The Latest from Iran (24 September): The Imprisonment of the Filmmakers

Mojtaba Mirtahmasb1635 GMT: Press Release of the Day. And, as it's slow, let's give some airtime to General Yahya Rahim Safavi, senior military advisor to the Supreme Leader: “The US and Zionists are desperately seeking to rein in, restrict, replace...or take control of some of these revolutions” in the Middle East and North Africa.

Rahim Safavi, whose brother has told Western diplomats of the "political coup" of the 2009 Presidential election from the Supreme Leader's office, said the "West" started a “division of labour” system with France tasked to help bring Western-supported individuals to power through the National Transitional Council. He declared the US was seeking to infiltrate Egypt's Parliamentary Presidential balllots and interfere in the proposed changes to Egypt's Constitution.

Safavi urged Libyans and Egyptians to prevent this foreign interference, adding that the US was about to lose its political position in the region and said Israel was also facing a difficult situation.

Moving to Central Asia, Safavi said that terrorist groups in Afghanistan were linked to "Western hegemony", but the US would suffer the same fate as the former Soviet Union and finally leave the country after a humiliating defeat.
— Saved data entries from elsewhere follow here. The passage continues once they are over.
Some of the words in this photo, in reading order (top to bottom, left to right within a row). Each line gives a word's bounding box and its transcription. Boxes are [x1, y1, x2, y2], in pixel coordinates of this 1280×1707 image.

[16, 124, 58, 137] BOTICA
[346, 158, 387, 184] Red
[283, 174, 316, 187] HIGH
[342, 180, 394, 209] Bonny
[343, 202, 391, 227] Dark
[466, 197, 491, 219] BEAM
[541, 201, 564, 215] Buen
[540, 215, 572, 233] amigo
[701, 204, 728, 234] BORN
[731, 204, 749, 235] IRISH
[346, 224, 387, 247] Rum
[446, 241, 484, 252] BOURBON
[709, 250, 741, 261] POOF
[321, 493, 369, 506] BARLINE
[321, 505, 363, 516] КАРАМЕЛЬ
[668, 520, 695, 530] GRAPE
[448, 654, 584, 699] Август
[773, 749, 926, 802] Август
1630 GMT: The Ahmadinejad Road Show. On a very slow day for Iran news, let's pay another --- possibly last --- visit to the Ahmadinejad display in the US.
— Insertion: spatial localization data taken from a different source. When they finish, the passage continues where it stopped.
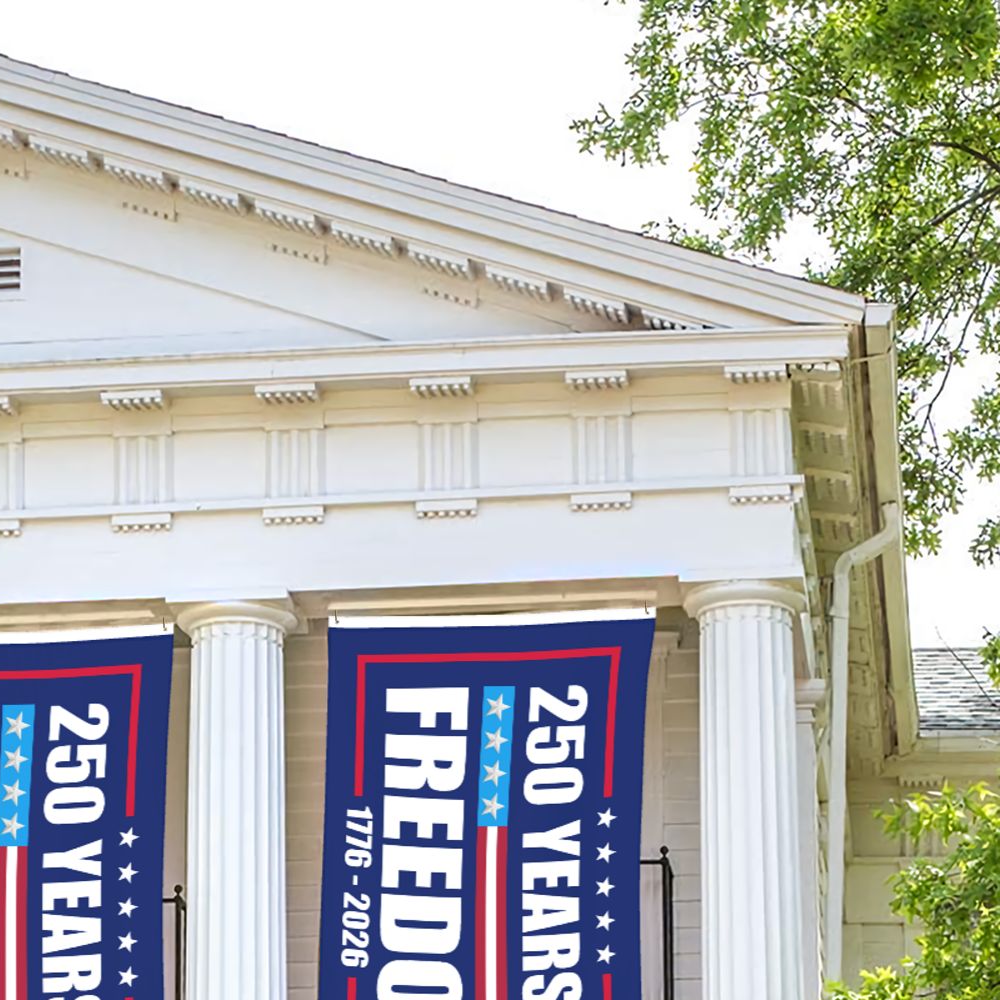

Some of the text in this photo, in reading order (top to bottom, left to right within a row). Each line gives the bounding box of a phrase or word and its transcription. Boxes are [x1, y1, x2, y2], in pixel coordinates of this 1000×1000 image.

[43, 703, 110, 826] 250
[523, 684, 589, 806] 250
[344, 806, 374, 868] 1776
[340, 891, 371, 968] 2026
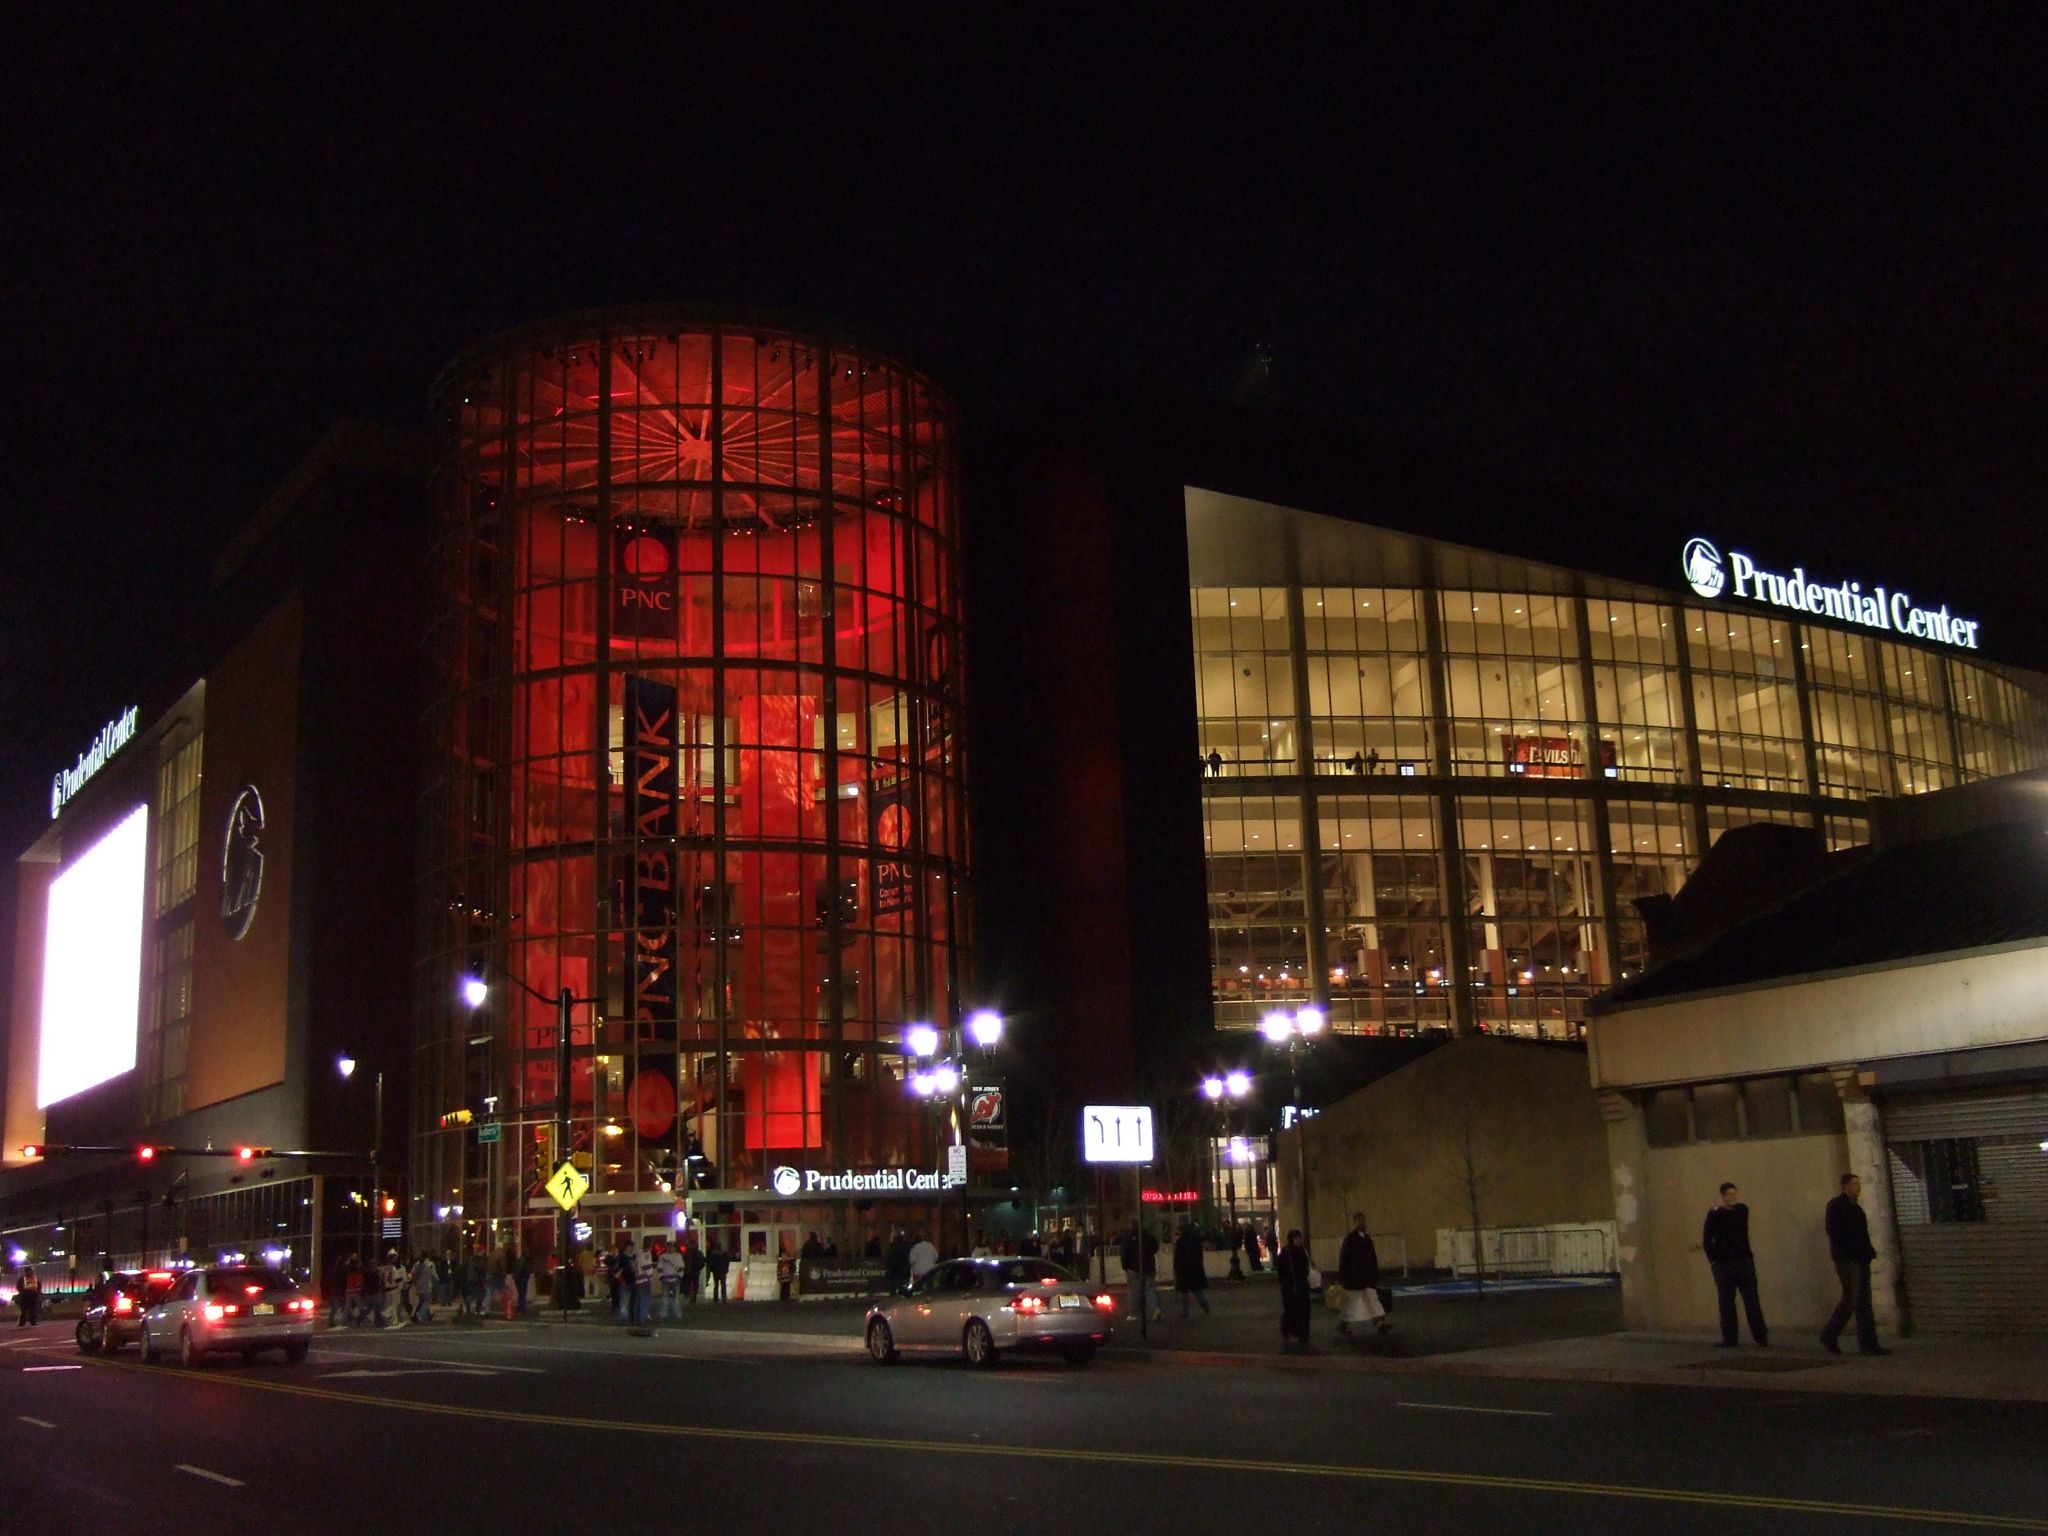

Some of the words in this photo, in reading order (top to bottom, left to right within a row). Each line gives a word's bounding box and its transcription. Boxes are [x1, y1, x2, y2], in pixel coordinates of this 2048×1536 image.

[620, 588, 672, 611] PNC
[1728, 550, 1891, 631] Prudential
[1889, 590, 1980, 650] Center
[62, 727, 107, 806] Prudential
[106, 704, 139, 759] Center
[636, 703, 672, 893] BANK
[804, 1168, 904, 1192] Prudential
Press TV, quoting the President's official website, reports that he put out his talking points to Associated Press editors, such as, “Iran's nuclear program, which is a legal issue, has been turned into a political one by certain Western countries."

And there was another reference to the 9/11 attacks, with Ahmadinejad expressing his regret that Iran had proposed the establishment of a fact-finding committee to investigate different aspects of the event, only for the US government to refuse the proposal and threaten Iran.
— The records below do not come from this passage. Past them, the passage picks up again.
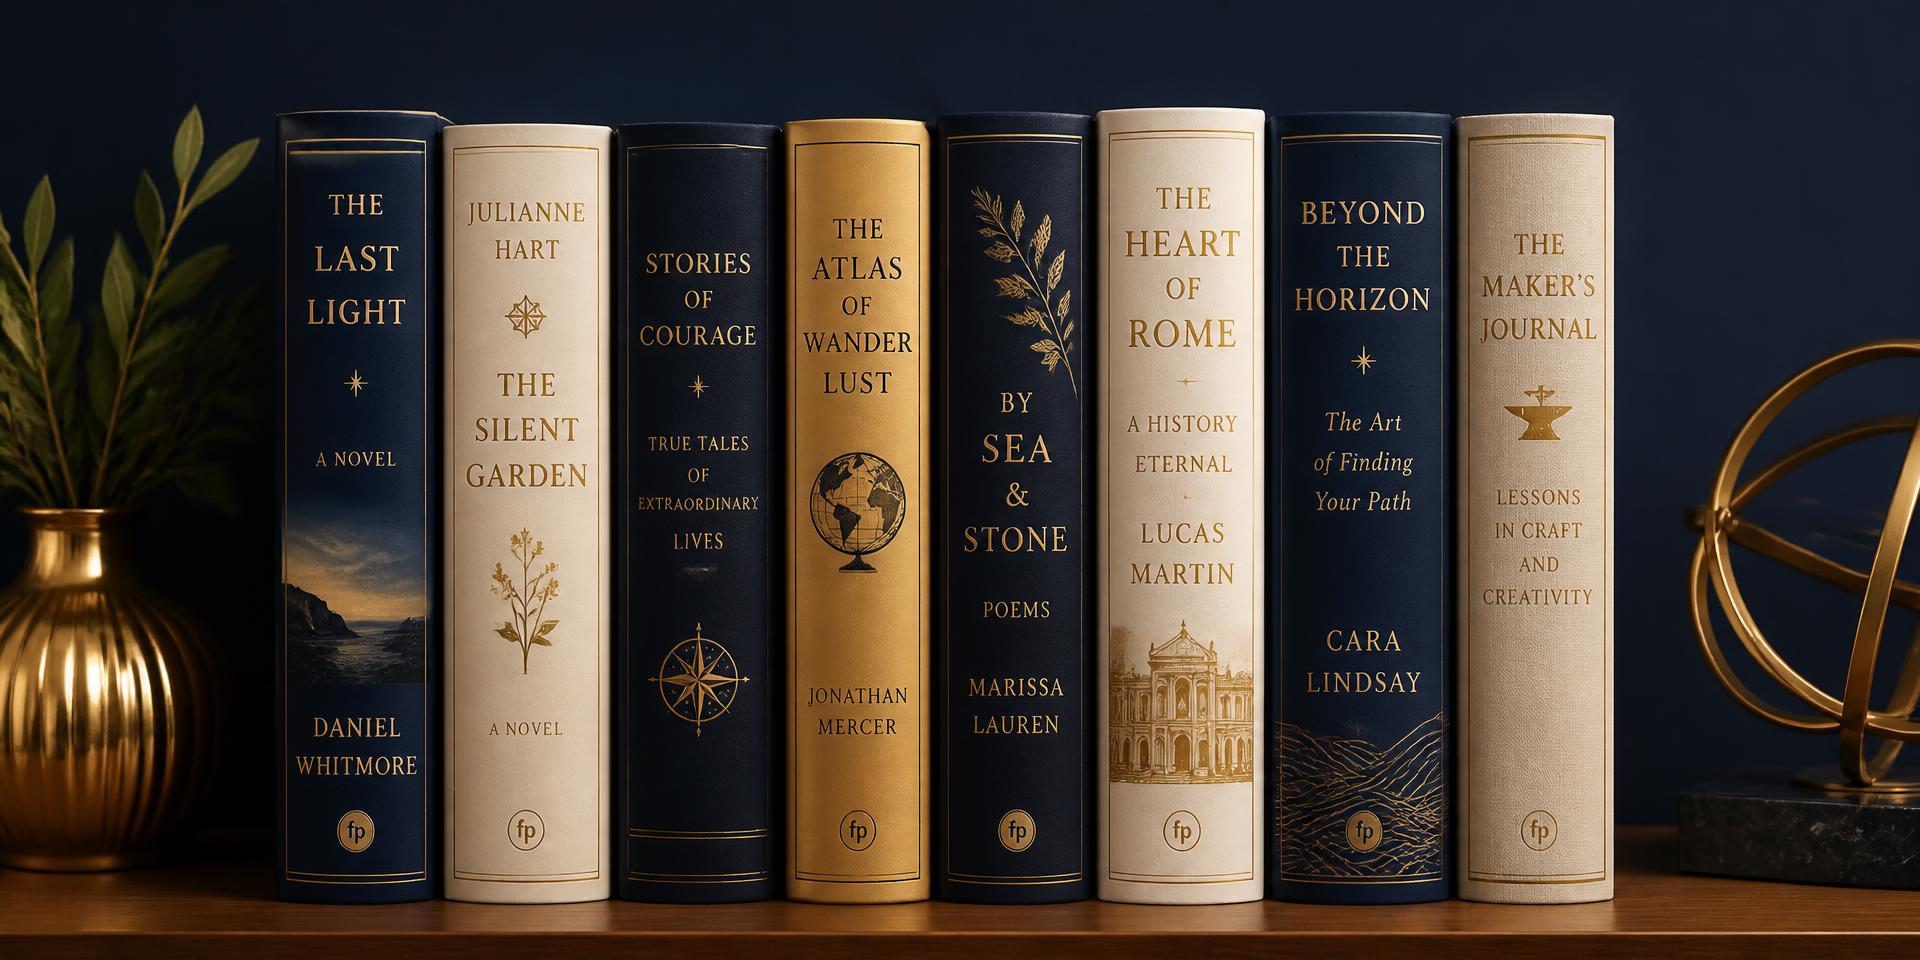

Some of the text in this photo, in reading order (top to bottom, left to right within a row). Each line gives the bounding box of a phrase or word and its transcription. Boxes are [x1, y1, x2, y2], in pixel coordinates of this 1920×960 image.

[329, 194, 383, 215] THE
[1156, 187, 1210, 209] THE
[467, 202, 585, 226] JULIANNE
[1301, 201, 1424, 224] BEYOND
[833, 218, 886, 240] THE
[495, 240, 560, 259] HART
[1124, 229, 1240, 257] HEART
[1514, 234, 1565, 255] THE
[315, 245, 399, 271] LAST
[647, 253, 750, 274] STORIES
[1337, 246, 1389, 267] THE
[812, 256, 902, 280] ATLAS
[1166, 277, 1200, 299] OF
[685, 291, 712, 308] OF
[842, 296, 871, 316] OF
[1296, 288, 1430, 310] HORIZON
[308, 299, 406, 324] LIGHT
[641, 325, 756, 345] COURAGE
[1128, 319, 1236, 348] ROME
[1480, 318, 1597, 344] JOURNAL
[803, 332, 913, 353] WANDER
[497, 373, 555, 396] THE
[823, 371, 892, 395] LUST
[1001, 392, 1032, 413] BY
[476, 417, 578, 441] SILENT
[1127, 416, 1237, 433] A HISTORY
[1326, 411, 1401, 431] The Art
[649, 436, 748, 451] TRUE TALES
[983, 434, 1052, 462] SEA
[316, 451, 396, 466] A NOVEL
[1135, 455, 1233, 473] ETERNAL
[1315, 451, 1413, 476] of Finding
[466, 463, 588, 488] GARDEN
[688, 467, 710, 483] OF
[638, 496, 759, 511] EXTRAORDINARY
[1006, 483, 1029, 506] &
[1316, 491, 1411, 510] Your Path
[1497, 489, 1580, 505] LESSONS
[675, 533, 723, 549] LIVES
[965, 526, 1067, 552] STONE
[1141, 523, 1224, 544] LUCAS
[1496, 522, 1583, 539] IN CRAFT
[1130, 563, 1235, 584] MARTIN
[1519, 555, 1559, 573] AND
[1482, 588, 1593, 606] CREATIVITY
[984, 601, 1049, 618] POEMS
[1327, 630, 1401, 651] CARA
[971, 678, 1063, 696] MARISSA
[1307, 672, 1420, 692] LINDSAY
[808, 687, 908, 707] JONATHAN
[314, 718, 400, 737] DANIEL
[489, 722, 562, 735] A NOVEL
[818, 718, 897, 736] MERCER
[975, 715, 1058, 733] LAUREN
[297, 756, 417, 775] WHITMORE
[346, 821, 366, 843] fp
[516, 821, 536, 843] fp
[849, 820, 868, 842] fp
[1008, 820, 1027, 842] fp
[1172, 820, 1191, 842] fp
[1355, 821, 1374, 844] fp
[1529, 820, 1549, 843] fp
0930 GMT: Political Prisoner Watch. Mohammad Saber Malek Raisi, who became one of Iran's youngest prisoners when he was arrested after the age of 15, has been sentenced to five years in prison.

Raisi, from Baluchistan in southeast Iran, was arrested in late 2009. His brother was accused of being a member of the insurgent organisation Jundullah, and Iranian officials had indicated that Raisi might face the death penalty for alleged activities.

0910 GMT: Corruption Watch. Iran's Inspector General Mostafa Pourmohammadi has given assurances that there will be a full, "serious" investigation of the $2.6 billion bank fraud that has shaken the Iranian system. Pourmohammadi warned that the case should not be used to assist the "psychological warfare of the "enemy".

0620 GMT: Ahmadinejad Watch. The President held yet another press conference yesterday in New York. It may be a sign of after-the-party fatigue that it has left scarcely a ripple in the US press; the impact elsewhere has yet to be seen.

Press TV summarises the rhetoric: "If the United States, Britain, and NATO withdraw their forces from the Persian Gulf and the Sea of Oman, the Islamic Republic of Iran, along with other regional countries, will 'guarantee' the security of the region....Iran has always respected other nations' rights, noting that such rights cannot be realized through NATO bombs or interference by foreign states."

Ahmadinejad denounced NATO's presence in Afghanistan and, covering an omission in his UN speech on Thursday, said that the Palestinian people have the inalienable right to an independent state. He responded to a question by an Egyptian reporter that Tehran is waiting for the establishment of a government based on Egyptians' votes and then will continue its efforts to normalise ties.

0600 GMT: We start this morning with the story of the six filmmakers --- directors Mojtaba Mirtahmasb, Nasser Saffarian, Hadi Afariden and Shahnama Bazdar, producer Katayoun Shahabi and documentary filmmaker Mohsen Shahnazdar --- seized this week by security forces.

Charges have yet to be filed against the six, but the regime's general line is that they were working for BBC Persian, presumably on subversive programming designed to undermine the State. That, however, appears to be a pretext. BBC Persian has denied that it employed any of the detainees or commissioned their productions, and in Mirtahmasb's case, his "crime" appears to be co-directing a film with Jafar Panahi, who was sentenced in December to six years in prison and a 20-year ban on filmmaking.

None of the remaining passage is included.